-- Material for the task follows --
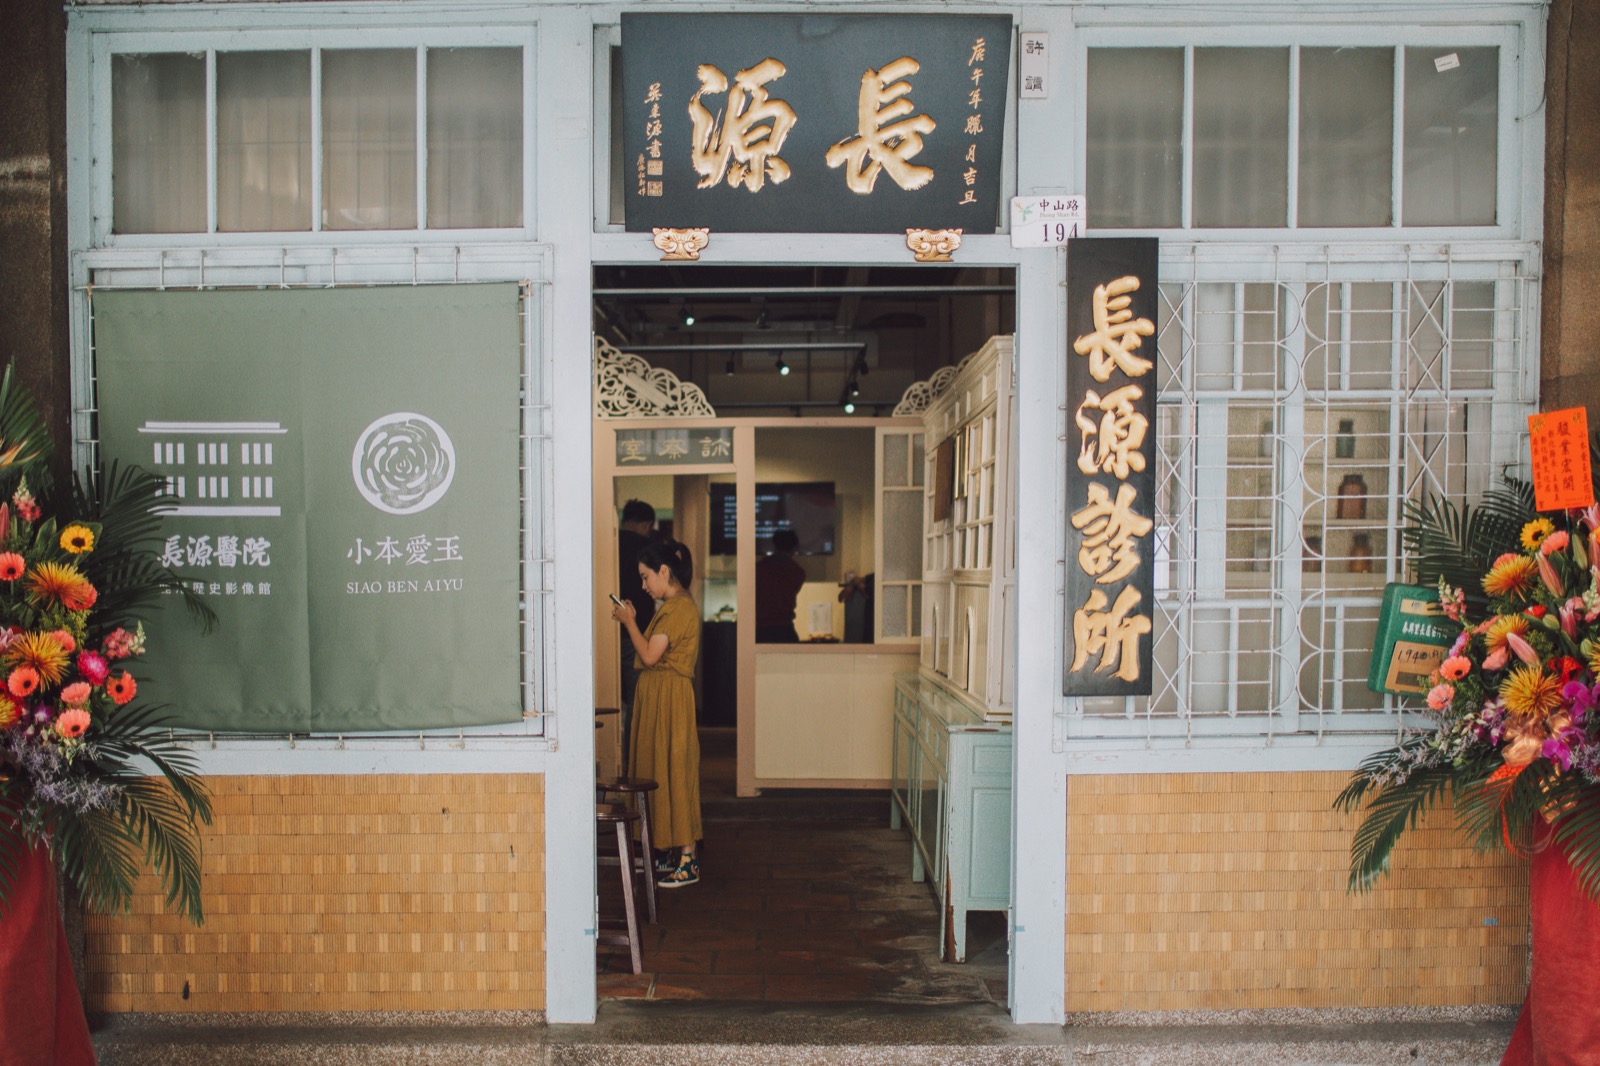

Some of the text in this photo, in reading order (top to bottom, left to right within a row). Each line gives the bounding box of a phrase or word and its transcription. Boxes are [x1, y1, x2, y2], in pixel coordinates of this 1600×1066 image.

[688, 55, 937, 195] 長源
[1039, 198, 1079, 212] 中山路
[1043, 222, 1078, 242] 194
[1069, 274, 1156, 684] 長源診所
[156, 534, 271, 568] 長源醫院
[347, 534, 464, 566] 小本愛玉
[346, 578, 464, 594] SIAO BEN AIYU
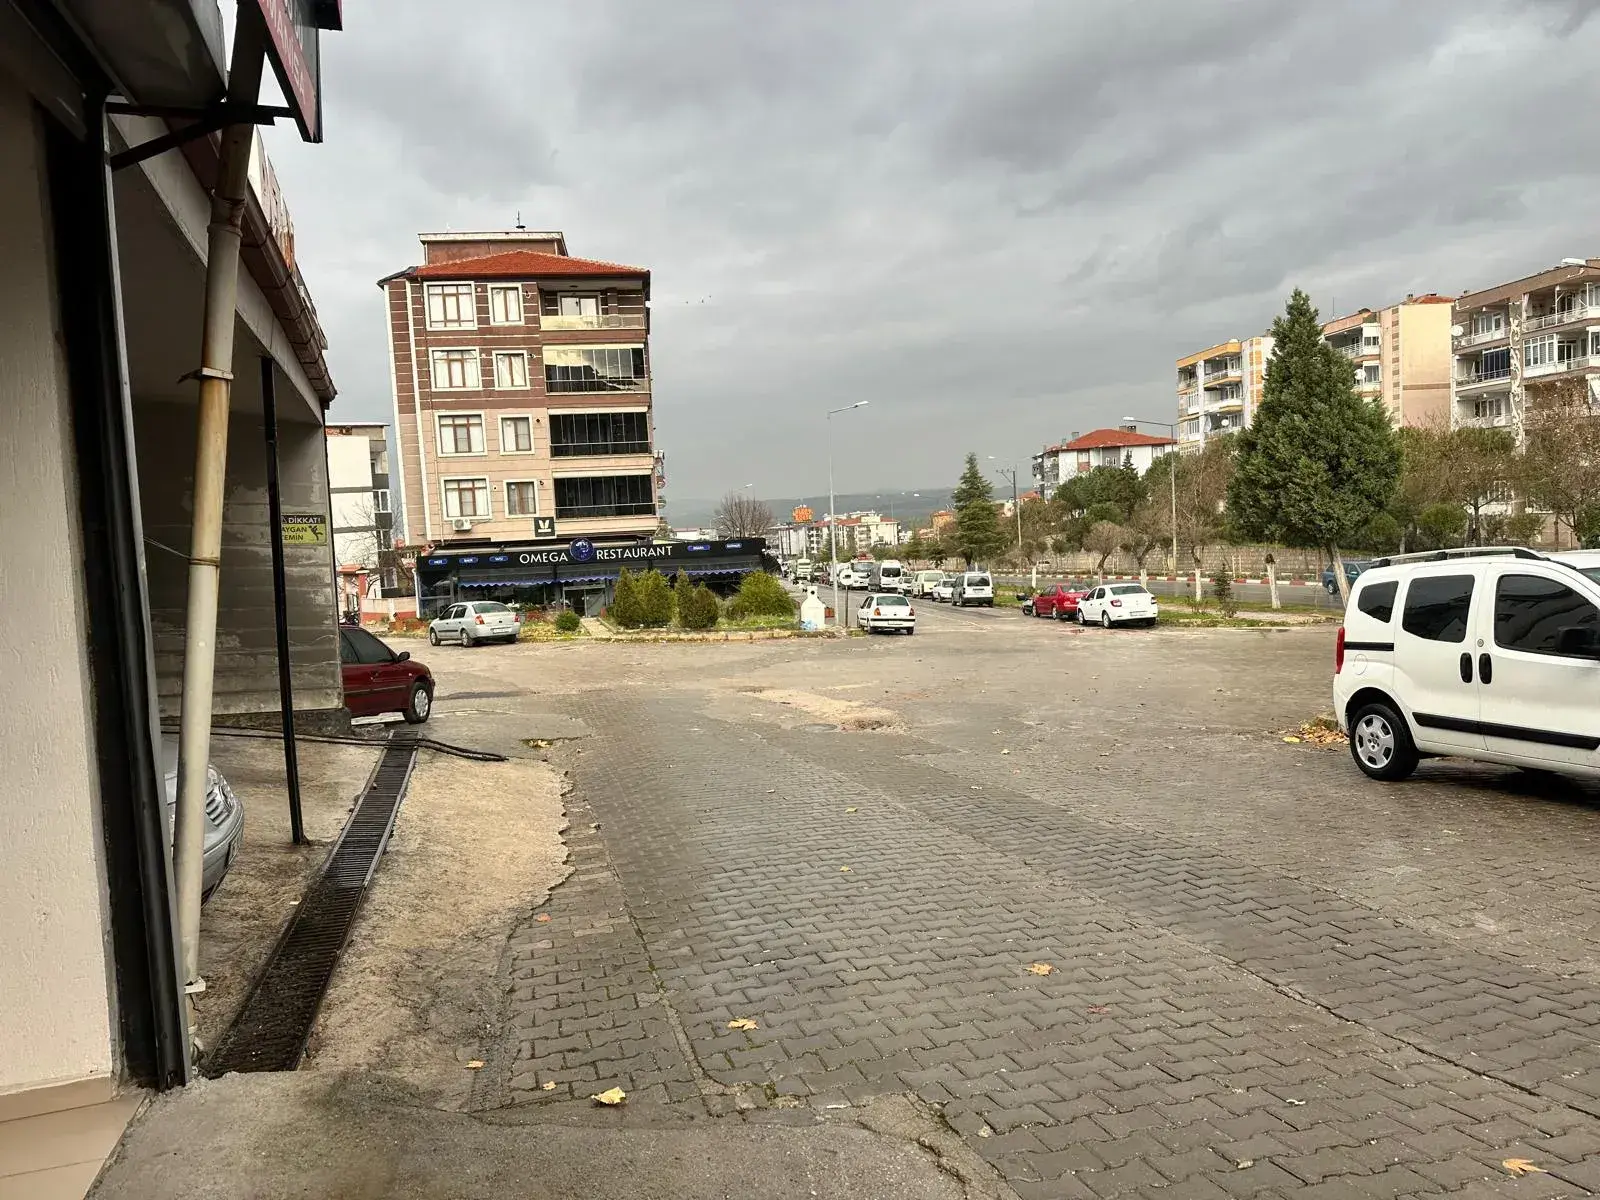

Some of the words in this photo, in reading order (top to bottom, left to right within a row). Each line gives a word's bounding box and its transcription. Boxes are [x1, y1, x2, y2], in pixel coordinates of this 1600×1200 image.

[288, 516, 321, 524] DİKKAT!
[282, 533, 304, 541] EMİN
[519, 552, 568, 564] OMEGA
[596, 546, 673, 560] RESTAURANT
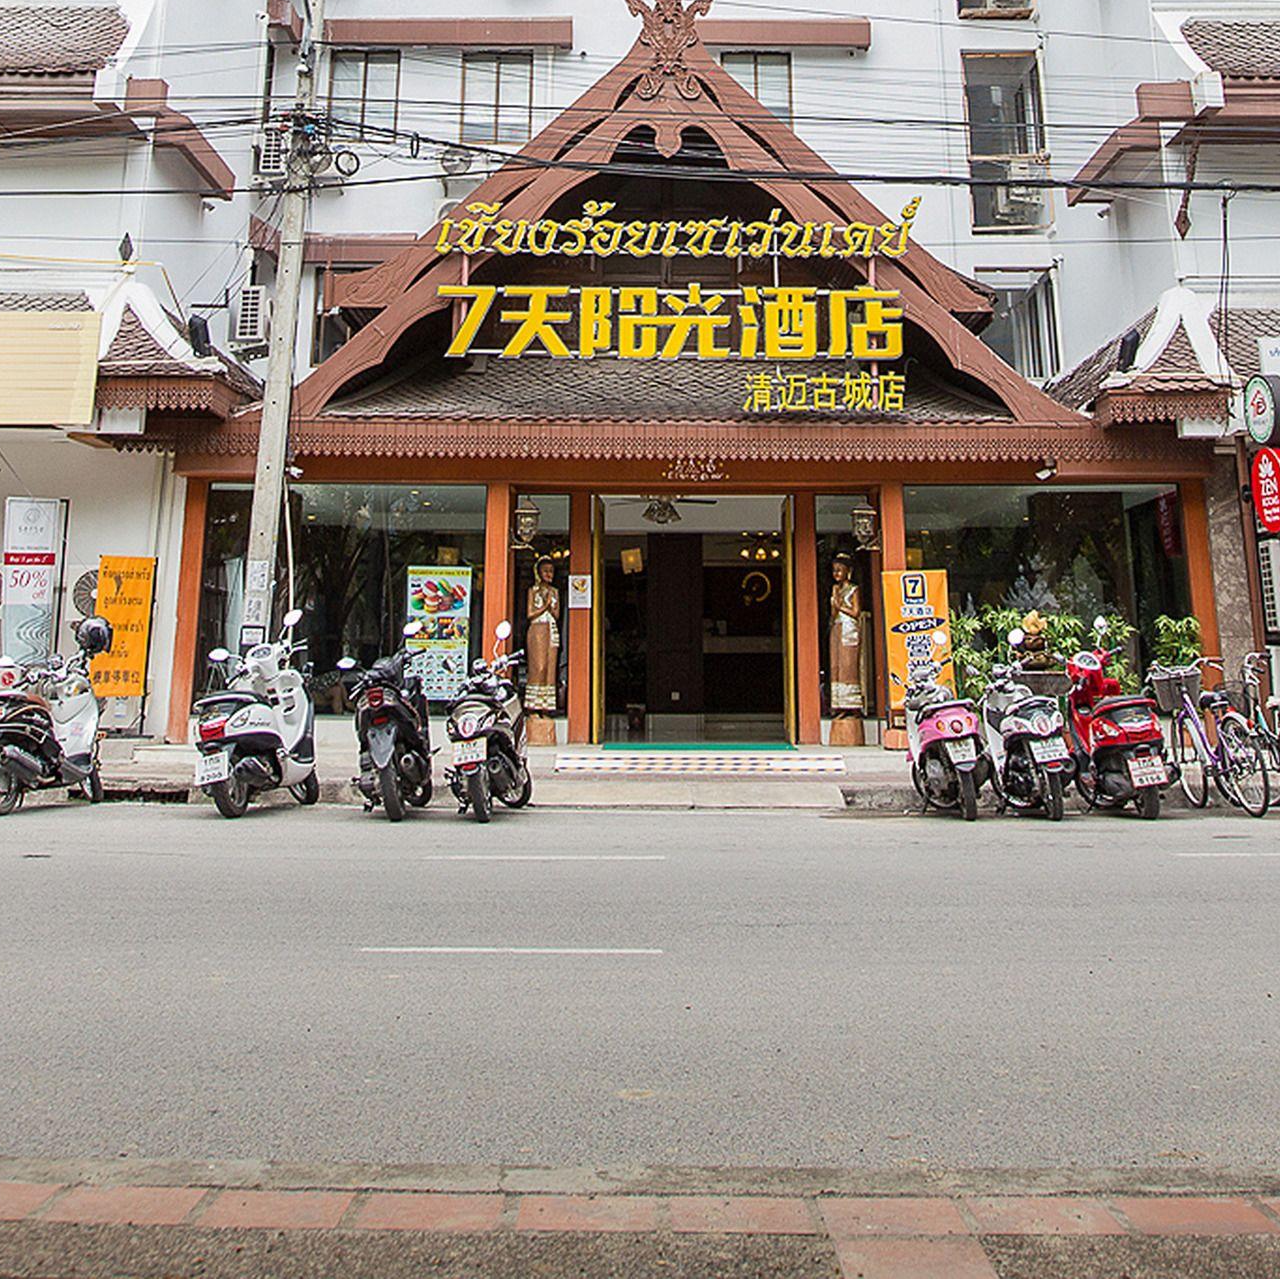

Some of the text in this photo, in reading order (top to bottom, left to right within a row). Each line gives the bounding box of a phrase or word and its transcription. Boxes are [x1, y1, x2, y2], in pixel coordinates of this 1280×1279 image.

[1260, 478, 1278, 496] ZEN
[9, 569, 48, 590] 50%
[898, 618, 937, 632] OPEN
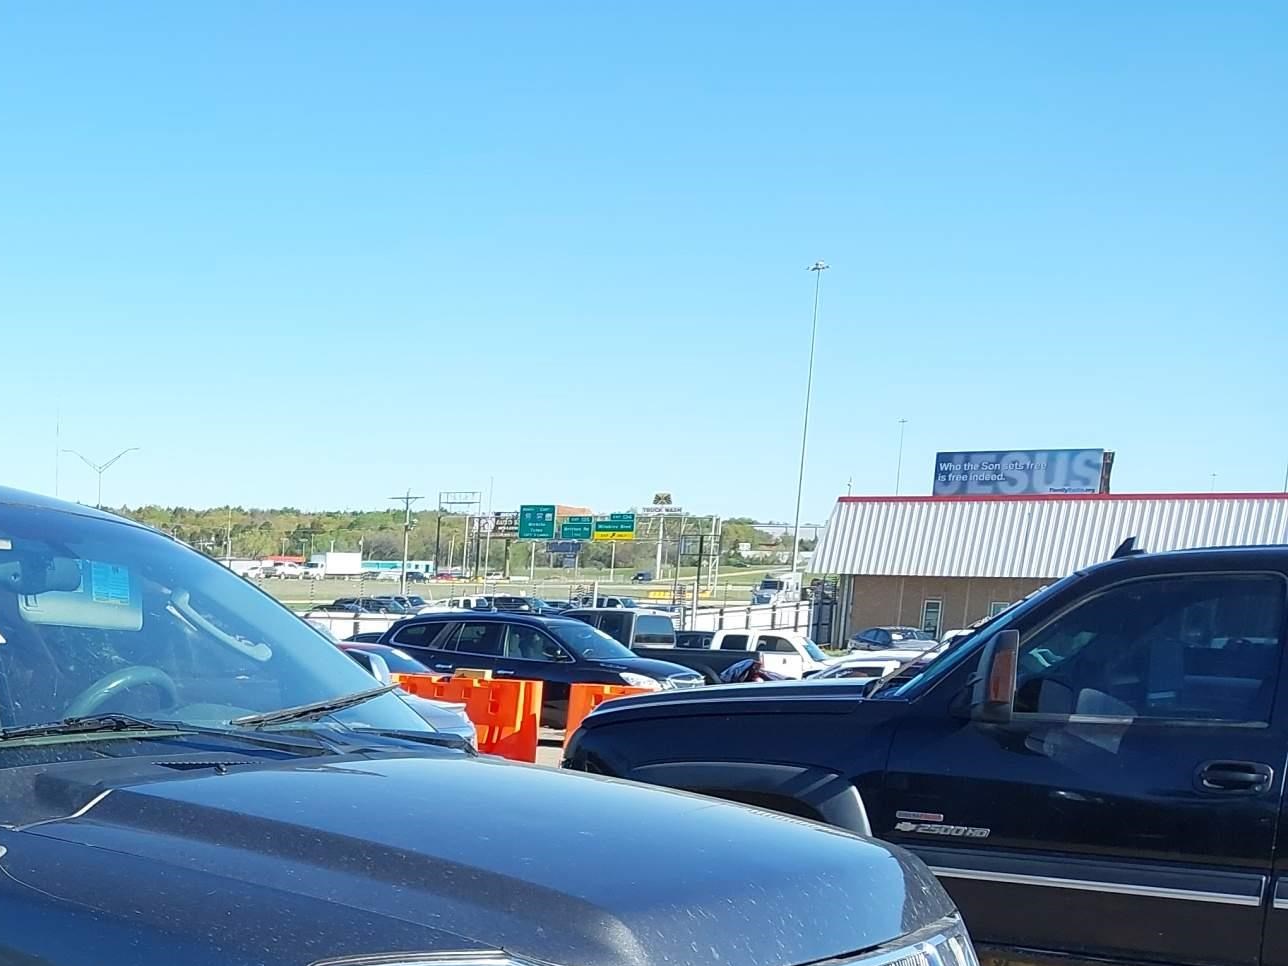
-- Material for the task concluded --
> **Work item**
Print the lines from the one holding "this 1280×1279 image." through the last line of the records, word for word, and omit the pictures.

> **Answer to this problem**
Some of the text in this photo, in reading order (top to bottom, left to right within a row). Each line gives the bounding box of a phrase or word and its transcription. Boxes are [x1, y1, x2, y2], in pixel coordinates of this 1280×1279 image.

[1260, 478, 1278, 496] ZEN
[9, 569, 48, 590] 50%
[898, 618, 937, 632] OPEN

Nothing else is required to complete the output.